Study: Digital Health Tools Significantly Reduce Cardiovascular Risk

May 11, 2015

According a recent study of studies from the Mayo Clinic, the use of health-related smartphone apps, text-message reminders, and other digital technologies significantly reduced recurrences of heart attacks, strokes, and other cardiovascular illnesses.  Specifically, the use of these technologies was associated with a significant 1.24% reduction in patients’ Framingham risk score, which estimates the 10-year risk of a first heart attack.  Digital health technologies also reduced adverse events in secondary-prevention trials by 40% compared with controls, a level of risk reduction greater than seen with cholesterol-lowering statins, low-dose aspirin, and antihypertension drugs.
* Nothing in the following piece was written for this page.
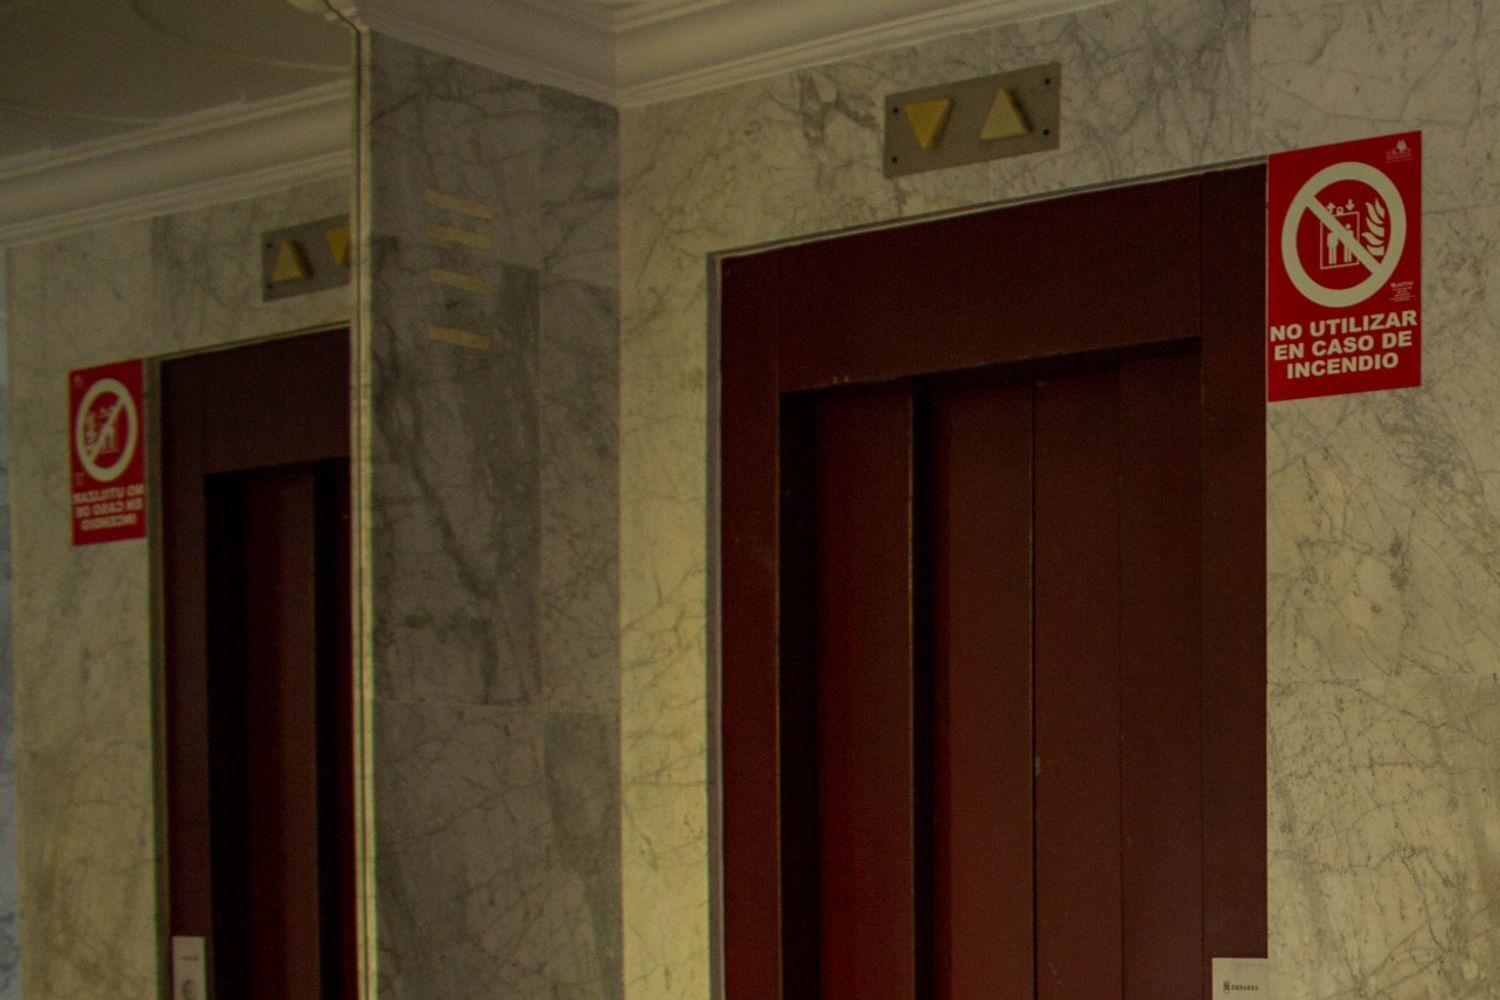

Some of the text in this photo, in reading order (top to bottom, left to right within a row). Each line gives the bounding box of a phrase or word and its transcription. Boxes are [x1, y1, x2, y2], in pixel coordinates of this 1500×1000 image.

Picture1The meta-analysis reviewed 51 studies conducted in North America, Asia, and Europe from 2003 to 2013.  Cumulatively, the studies included 24,054 patients assigned to digital-health interventions and 10,333 controls who received traditional care without a digital intervention.

Renowned entrepreneur, investor, and tech evangelist Marc Andreesen famously coined the phrase “software is eating the world” to describe the broad technological and economic shift technology is having on our daily lives.  Although healthcare has not been a leader in the dominance of software, this study and others like it are showing that software can and is having dramatic impacts on health and wellness.